Moreover, on the basis that {betweonum} originally governed right- as well as left-of-P objects whereas {betweoh} originally governed only right-of-P objects, it is unsurprising under the proposed reanalysis scenario that the proportion of {betweoh} examples with a ‘rogue’, i.e. left-of-P, object (5 per cent) is smaller than the proportion of {betweonum} examples with a ‘rogue’, i.e. right-of-P, object (16 per cent).

4.3.5. {betweo(h)n}

According to Kitson (1993: 12), the twain element of {betweo(h)n} has the same accusative origin as that of {betweoh}. There are only 19 instances of this variant type in the YCOE, but 10 have an accusative object, which lends weight to identifying {betweo(h)n} with {betweoh}. Two of these tokens govern an object personal pronoun: both, however, are dative and both occur to the preposition's left. Given the evidence that the proposed reanalysis had not fully actualised even by the end of the Old English period, I suggest these two examples need not be particularly troublesome for the reanalysis story I have proposed.

4.3.6. {betweoxn} and {betweox}

Had {betweoxn} and {betweox} derived from an accusative original, I could simply let my arguments for the grammar of {betweoh} stand for these variants also and thereby account for the data in Table 12.14

Table 12. Variant types of OE between by object position ({betweonum} vs. {betweox} vs. {betweoxn})
 Left-of-P Right-of-P Total
{betweonum} 224 (84%)42 (16%)266
{betweox} 5 (1%) 477 (99%)482
{betweoxn} 1 (6%)16 (94%)17

The origin of {betweoxn}, however, is almost certainly be prep. + *twiscum, dat.pl of *twisc adj (< PrGmc twisk-ja ‘two-fold’) (Kitson 1993: 12, OED Online betwixen | betwixe). {betweox} probably shares the same dative origin although OED Online (betwixt) does suggest be prep + *twiscu, acc.pl of *twisc adj as another possibility. There is, however, no real evidence in the YCOE of an accusative origin for {betweox} as there was for {betweoh}: there are no unambiguously accusative personal pronouns among the 85 governed by {betweox} (cf. Table 7), and just 5 per cent of its case-unambiguous nominal objects are accusative (cf. Table 6). Nevertheless, it seems highly improbable that objects of both {betweox} and {betweoxn} should exhibit the same syntactic opposition to {betweonum} as do objects of {betweoh} unless {betweox}, {betweoxn} and {betweoh} were systemically equivalent. Quite how this systemic equivalence came about is another matter.

5. Conclusions

  1. Top of page
  2. Abstract
  3. 1. Introduction
  4. 2. By
  5. 3. For
  6. 4. Between
  7. 5. Conclusions
  8. References

I have shown that Old English be and for each have two distinct variant types: {be} (invariably spelt <be>) and {for} (typically spelt <for> with very occasional variation in the vowel) on the one hand, and {bi} (typically spelt <bi>, occasionally <big, bii, by, bie>) and {fore} (invariably spelt <fore>) on the other. {be} and {for} occur only when the object is right-adjacent to the preposition, e.g. when the object is a full NP. When the object is not right-adjacent to the preposition, e.g. when the object is þær or when the preposition is stranded in a relative clause, {bi} and {fore} are invariably found instead. {bi} and {fore} are found with right-adjacent objects as well, but only rarely in comparison to {be} and {for}. On the basis of this evidence, I conclude that be and for each have two prosodically conditioned allomorphs, {be} and {for} which are phonologically dependent on a right-adjacent object, and {bi} and {fore} their phonologically independent counterparts.
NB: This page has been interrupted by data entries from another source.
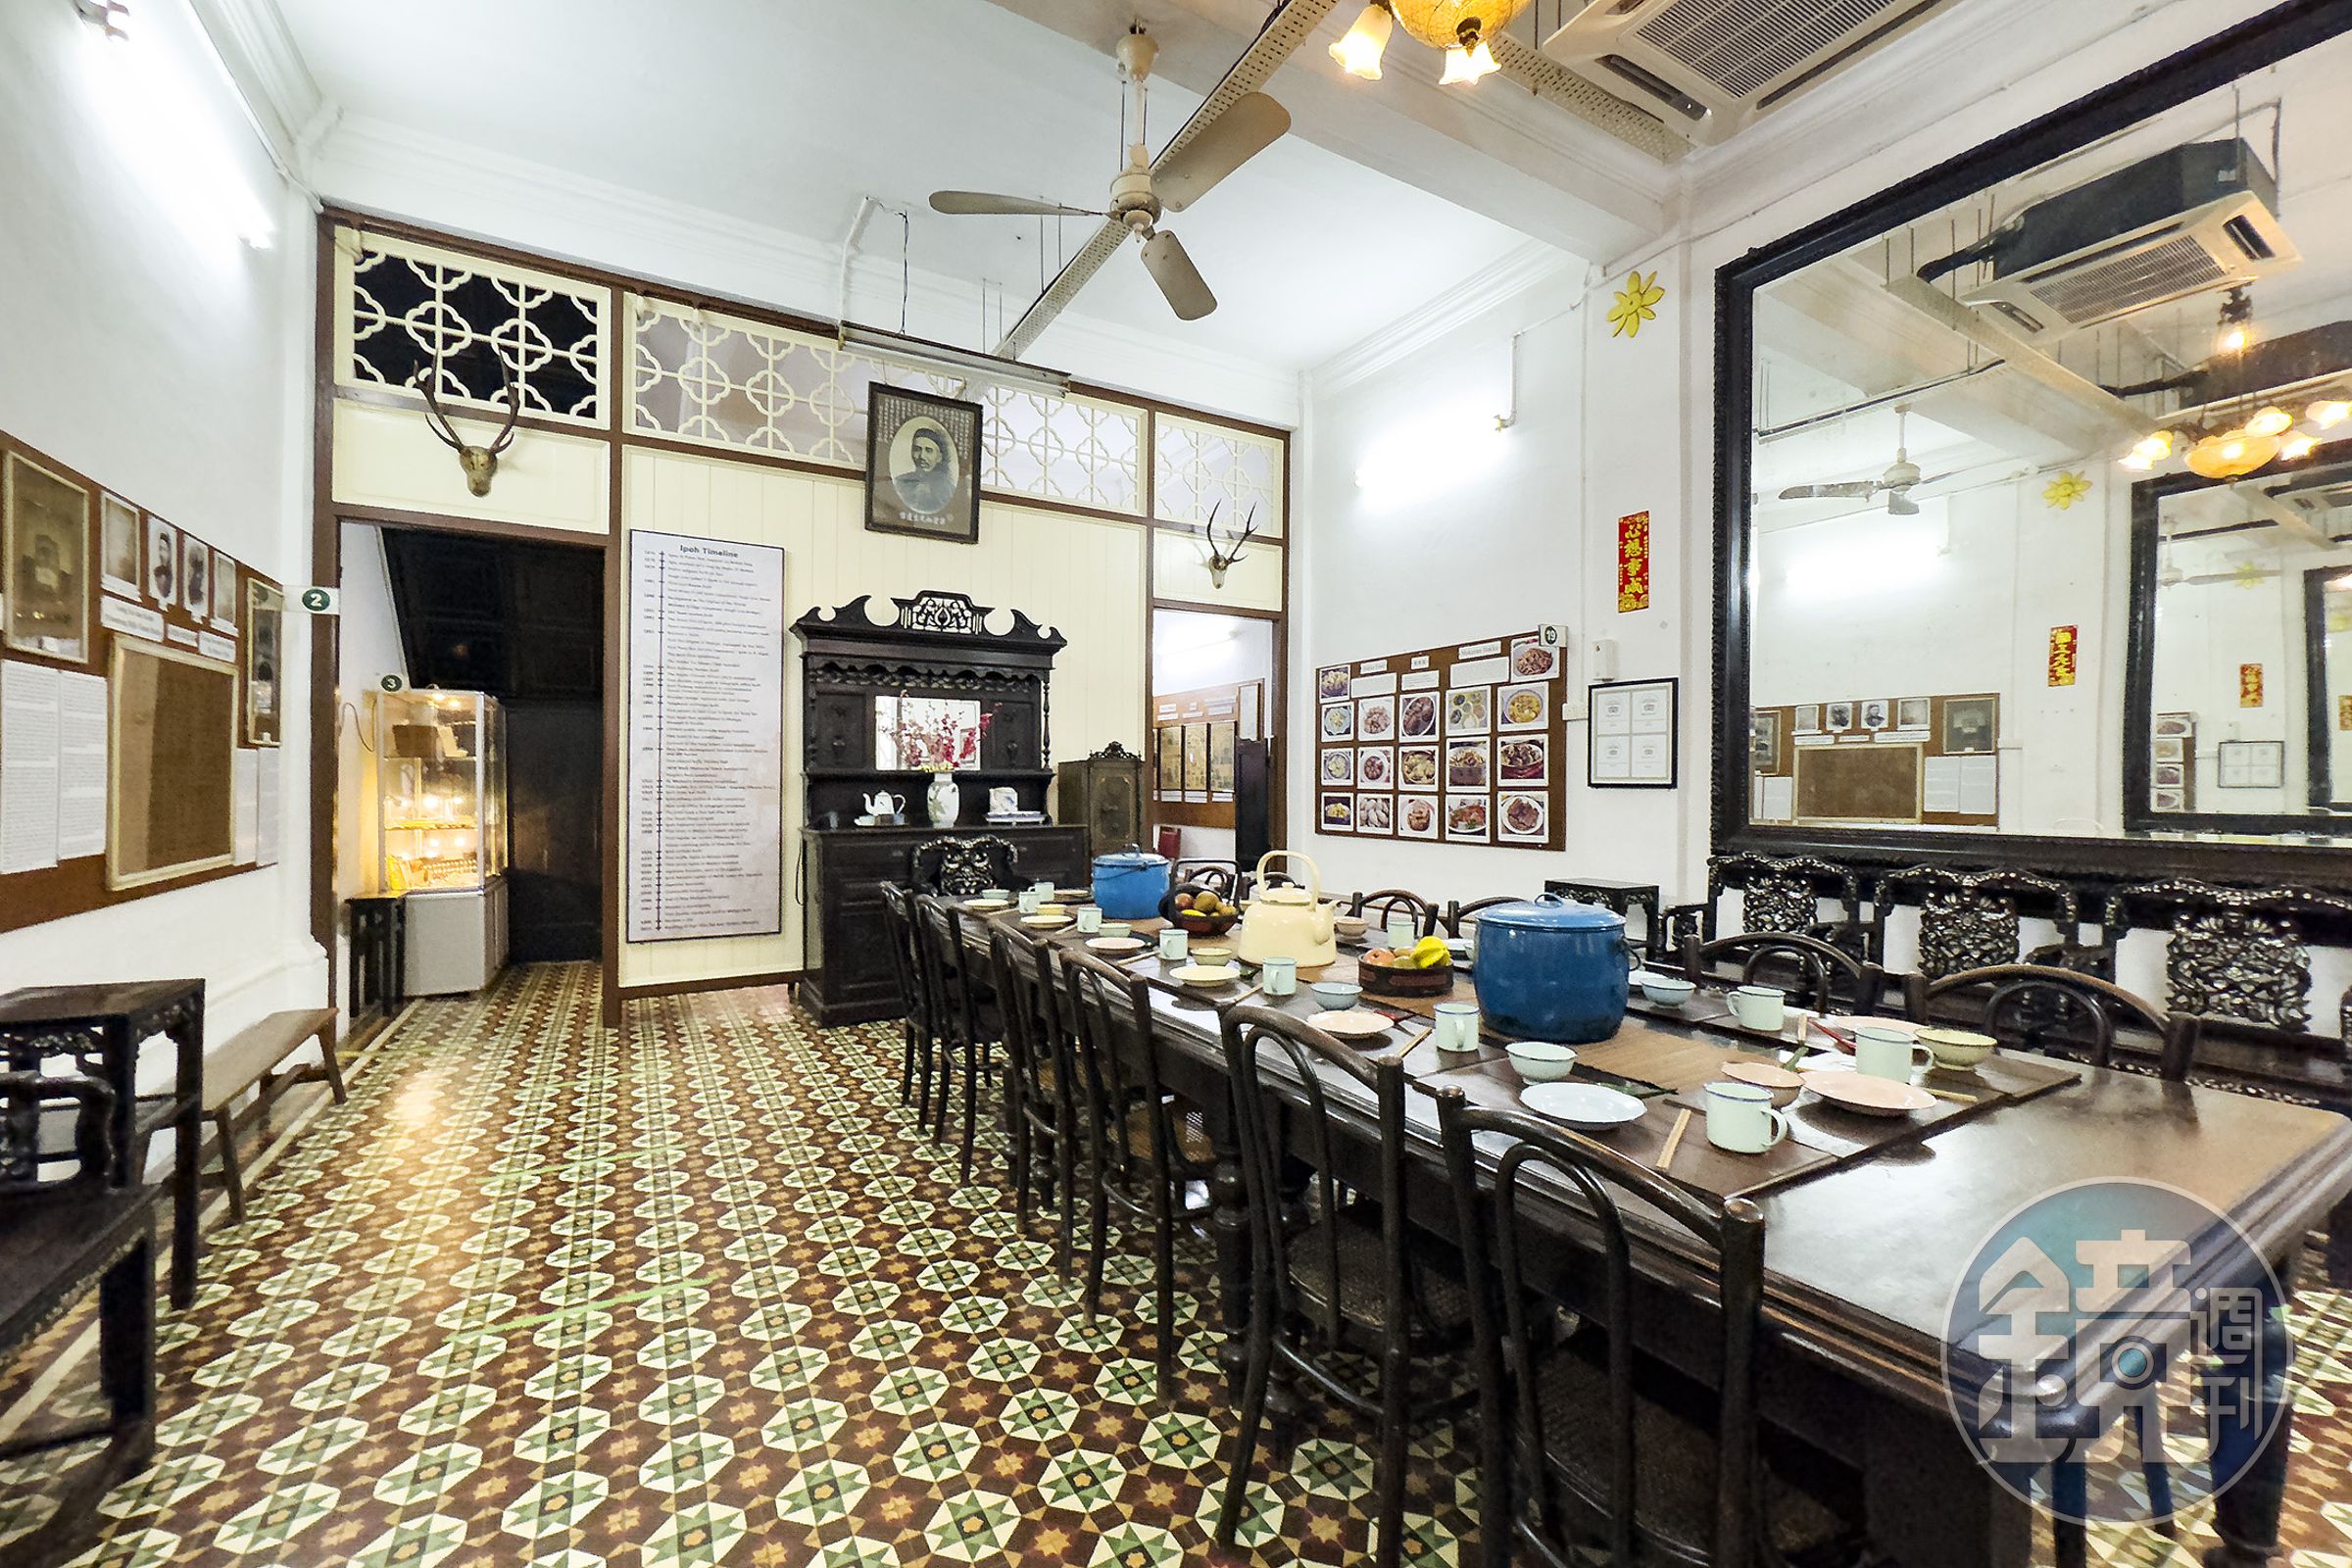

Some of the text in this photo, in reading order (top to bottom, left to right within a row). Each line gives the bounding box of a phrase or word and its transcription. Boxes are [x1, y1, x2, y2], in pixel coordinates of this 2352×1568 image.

[679, 544, 739, 559] Ipoh Timeline
[1624, 523, 1643, 594] 心想事成
[310, 593, 322, 607] 2
[1545, 629, 1555, 642] 19
[387, 677, 397, 689] 3
Little more can be said about the distribution of these variants in the prose, but data in Lapidge (2006) indicates that metre likely played an important role in determining the relative position of prepositions and their objects in the poetry. In his detailed discussion of the regulation of stress in early Germanic poetry, Kuhn (1933) draws a distinction between Satzpartikeln, i.e. words which are normally stressed but which can be de-stressed when placed before the first stressed position of the clause, and Satzteilpartikeln, i.e. words which form a syntactic phrase with a following word. Satzteilpartikeln, which include prepositions, are normally unstressed when their phrase-mate follows, but they can acquire stress when their phrase-mate is elsewhere. Lapidge (2006) provides an exhaustive list of all lines containing a preposition with a specially placed object in the extant Old English verse. His metrical analysis of these lines confirms that all 273 prepositions in question (incl. two {bi} and eight {fore} tokens) carry metrical stress (Lapidge 2006: 174). Moreover, he notes that 49 per cent (52/107) of those occurring in a first half-line and 34 per cent (56/166) of those occurring in a second half-line participate in the line's alliteration. An example is given at (14). Note that in the second line the preposition follows its object, allowing the preposition, fore, to alliterate with the accented syllables of fæcne and gefice in the first half-line.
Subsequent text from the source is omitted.